I am using an std::map<int, T*>
for frequent lookups and some emplacements. There are never any deletions. Since I know an upper bound for the int's used as key (which is around 16 million), I figured I could trade some memory for runtime by using:
std::vector<T*> mapReplacement;
mapReplacement.resize(max_int, nullptr);
However my runtime got significantly worse, even when not measuring the resize operation. Vector Lookups and "insertion" to already allocated space should be constant, while the map should have O(log(n)) insertion and lookup. The number of elements inserted is also in the hundreds of thousands, so it's not even that scarce... What am I not seeing here?
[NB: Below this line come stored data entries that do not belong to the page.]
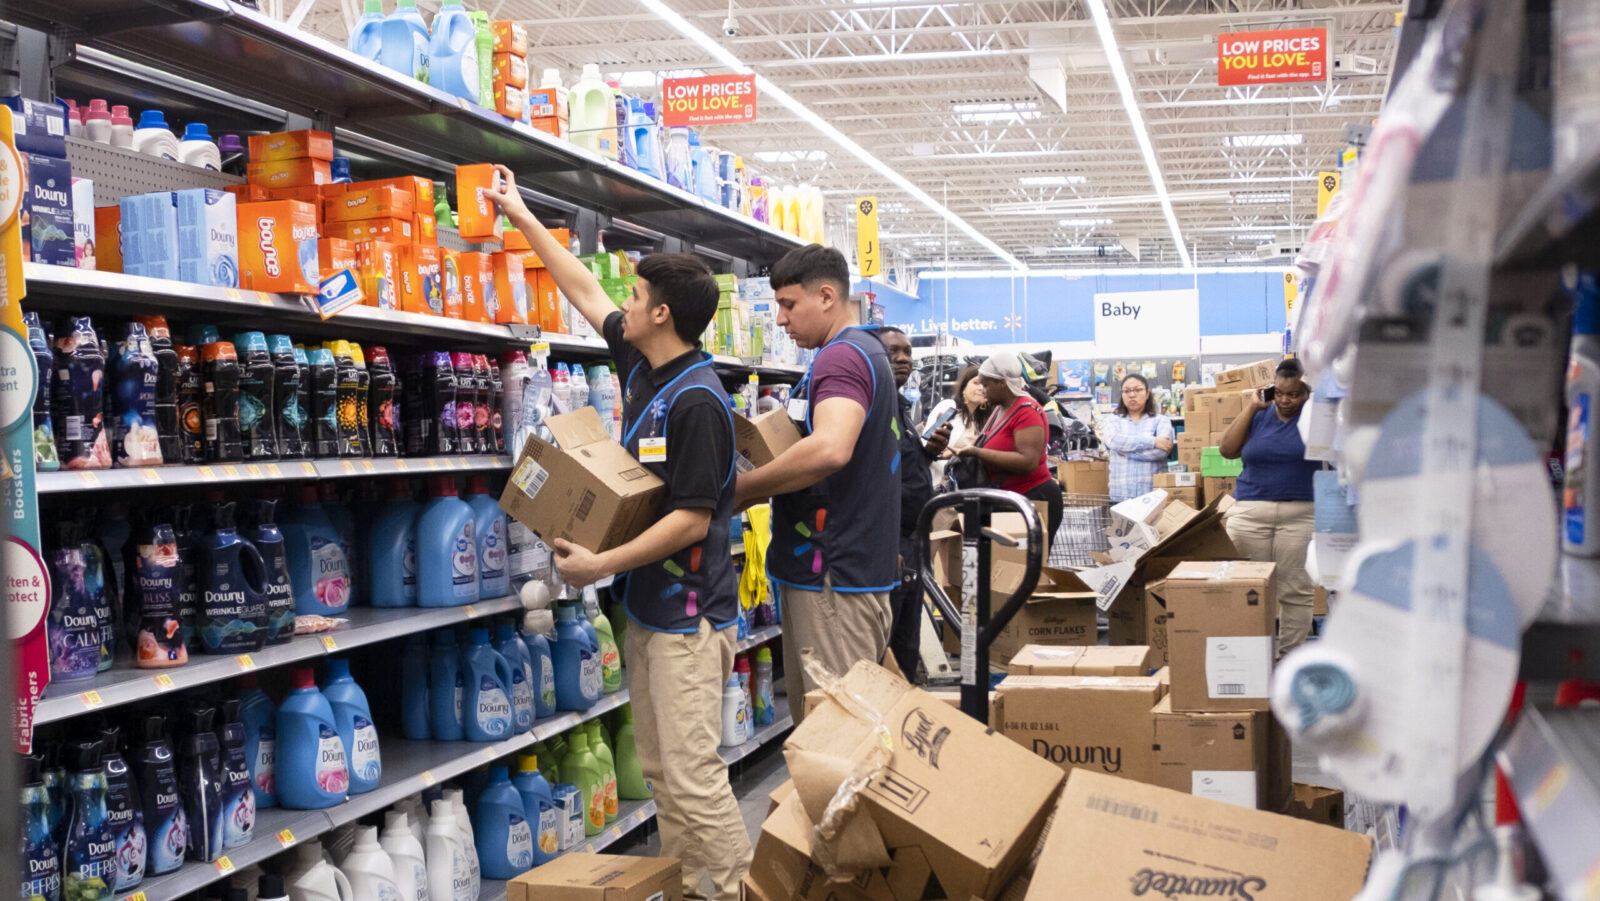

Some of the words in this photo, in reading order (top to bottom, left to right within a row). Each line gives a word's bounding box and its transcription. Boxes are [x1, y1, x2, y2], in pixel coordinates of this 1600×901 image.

[1222, 41, 1260, 56] LOW
[1263, 37, 1320, 53] PRICES
[1222, 55, 1258, 70] YOU
[1263, 52, 1310, 68] LOVE.
[667, 85, 699, 98] LOW
[702, 82, 751, 96] PRICES
[667, 98, 698, 112] YOU
[703, 97, 742, 110] LOVE.
[34, 184, 68, 208] Downy
[73, 222, 91, 238] wny
[210, 228, 235, 247] Downy
[292, 223, 317, 242] bounce
[258, 217, 281, 278] bounce
[865, 240, 873, 254] J
[417, 263, 440, 276] bounce
[864, 259, 873, 272] 7
[383, 250, 397, 310] bounce
[463, 274, 475, 305] bounce
[1101, 301, 1141, 320] Baby
[920, 319, 948, 333] Live
[951, 317, 998, 332] better.
[0, 366, 17, 377] tra
[0, 380, 19, 392] ent
[12, 448, 25, 520] Boosters
[319, 557, 346, 573] Downy
[6, 575, 29, 588] ften
[31, 575, 41, 587] &
[140, 576, 172, 589] Downy
[7, 590, 39, 603] otect
[143, 591, 171, 603] BLISS
[204, 589, 245, 604] Downy
[205, 603, 266, 617] WRINKLEGUARD
[63, 614, 97, 628] Downy
[1028, 626, 1052, 637] CORN
[1054, 624, 1087, 636] FLAKES
[63, 631, 100, 649] CALM
[479, 702, 510, 715] Downy
[17, 697, 31, 746] Fabric
[903, 710, 936, 757] Lysol
[357, 738, 378, 753] Downy
[322, 750, 345, 767] Downy
[1032, 738, 1122, 773] Downy
[156, 793, 179, 806] Downy
[107, 809, 133, 825] Downy
[29, 858, 59, 874] Downy
[80, 859, 117, 881] REFRES
[21, 874, 61, 898] REFRES
[1133, 867, 1268, 901] Suavitel
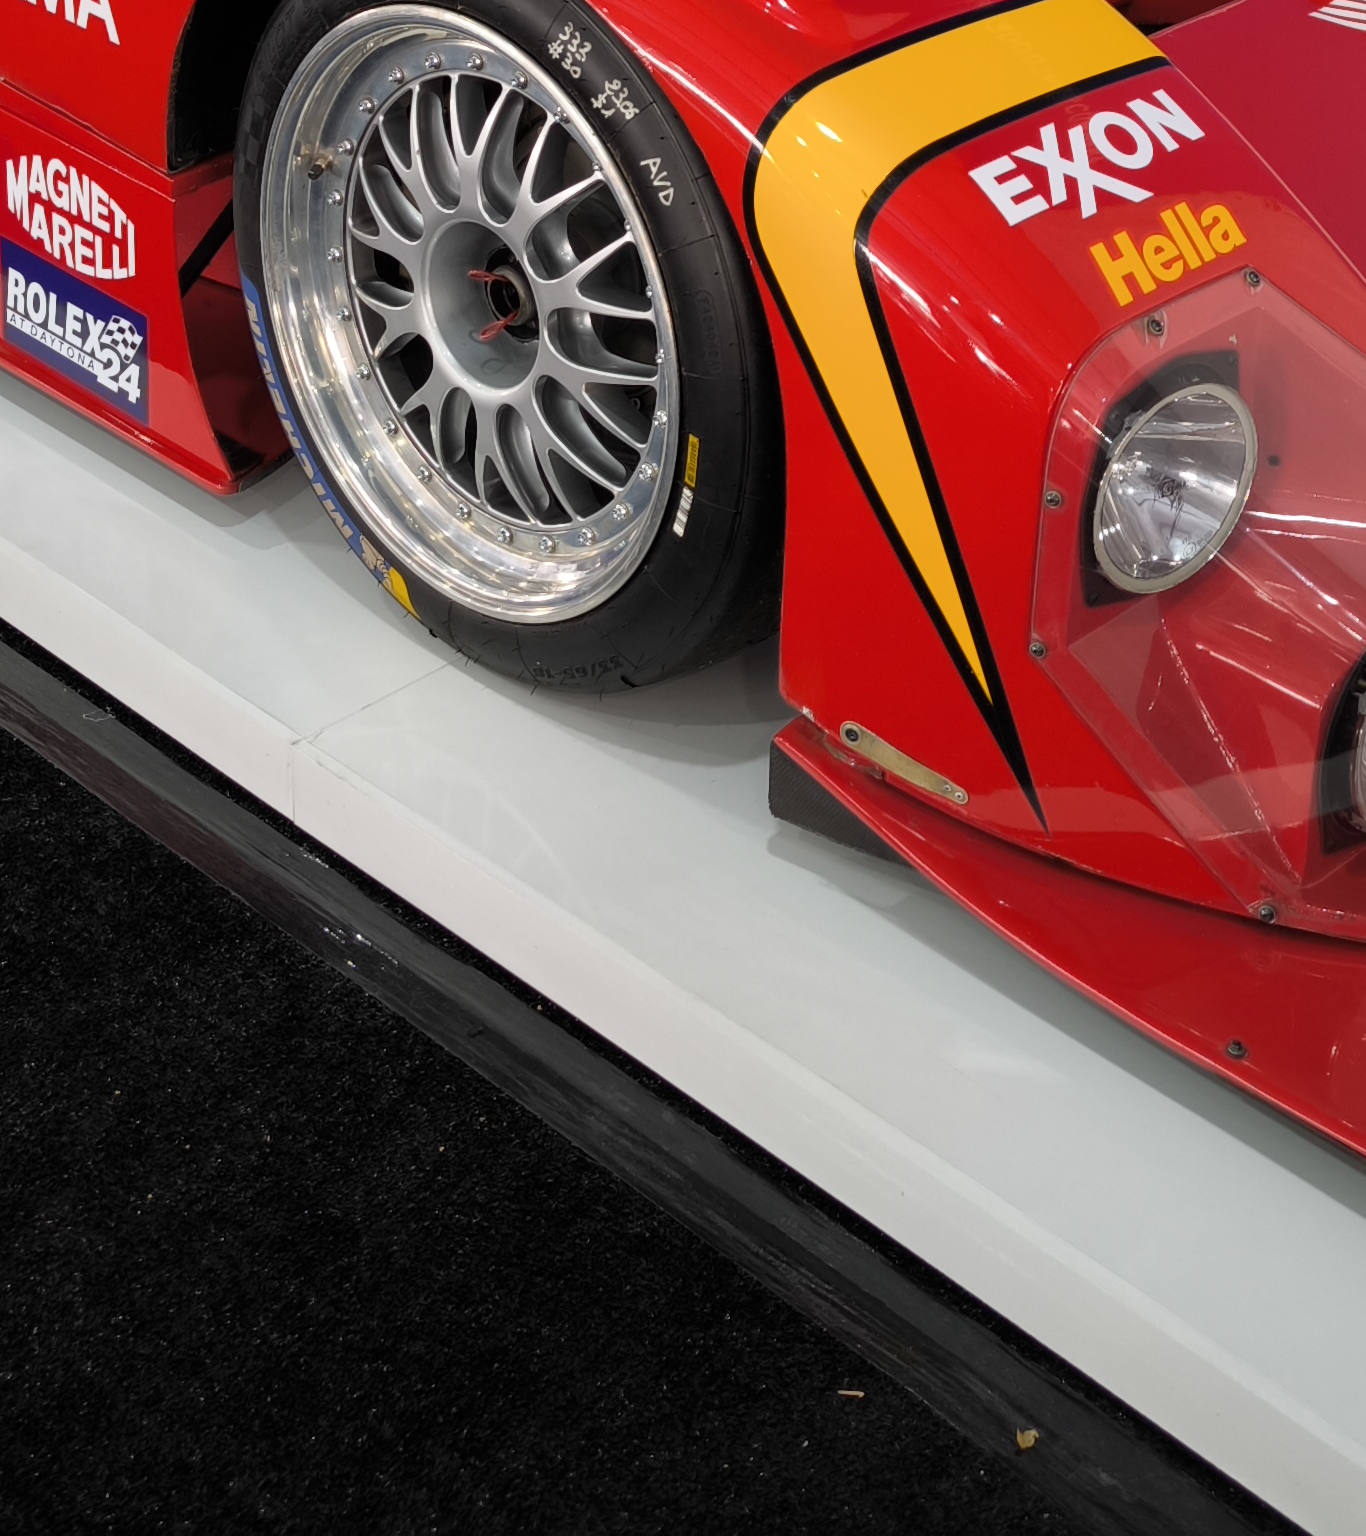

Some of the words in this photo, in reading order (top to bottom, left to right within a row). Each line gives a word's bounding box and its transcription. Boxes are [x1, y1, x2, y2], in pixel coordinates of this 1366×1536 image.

Edit 1: I am neither inserting, nor iterating/searching the vector, but only ever accessing by index. A somewhat representative use-case would look like this:
std::vector<T*> mapReplacement;
struct DataStructure {
void getInfluenced(int neighbor);
void doSomeWork(int vertex){
for (int i : neighbors(vertex)){
if (influence(vertex, i)){
if (mapReplacement[i] == nullptr)
mapReplacement[i] = new DataStructure();
mapReplacement[i]->getInfluenced(vertex);
}
}
}
}
int main(){
mapReplacement.resize(huge_scalar_field.vertex_count);
for (int i : huge_scalar_field){
if (isInterestingVertex(i)){
if (mapReplacement[i] == nullptr)
mapReplacement[i] = new DataStructure();
mapReplacement[i]->doSomeWork(i);
}
}
}
Basically I'm iterating over a huge scalar field (16777216 vertices). Some of the vertices (544008 entries in the vector/map) in the field are "interesting" and need a "DataStructure" to represent them. However per interesting vertex some neighborhood of that vertex is somehow influenced by it. Those influenced vertices now too need to be represented by a "DataStructure" and might be also "interesting". That's about every use of the vector/map in my code, however I did not have time to test if that's a minimal example for my problem, or if the problem only arises because of some weird interaction with the contents of "isInterestingVertex", "neighbor", "influence", "doSomeWork" and "getInfluenced".
Edit2: The specs of the system are: Kubuntu 17.04 64bit Kernel Version 4.10.0-42-generic, g++ 6.3.0-12ubuntu2, Intel Core I7-4770K, 16GB DDR3 RAM (of which around 4GB are used during runtime), imported and used libraries are Boost and HPX (however the problem occurs in a purely sequential run as well).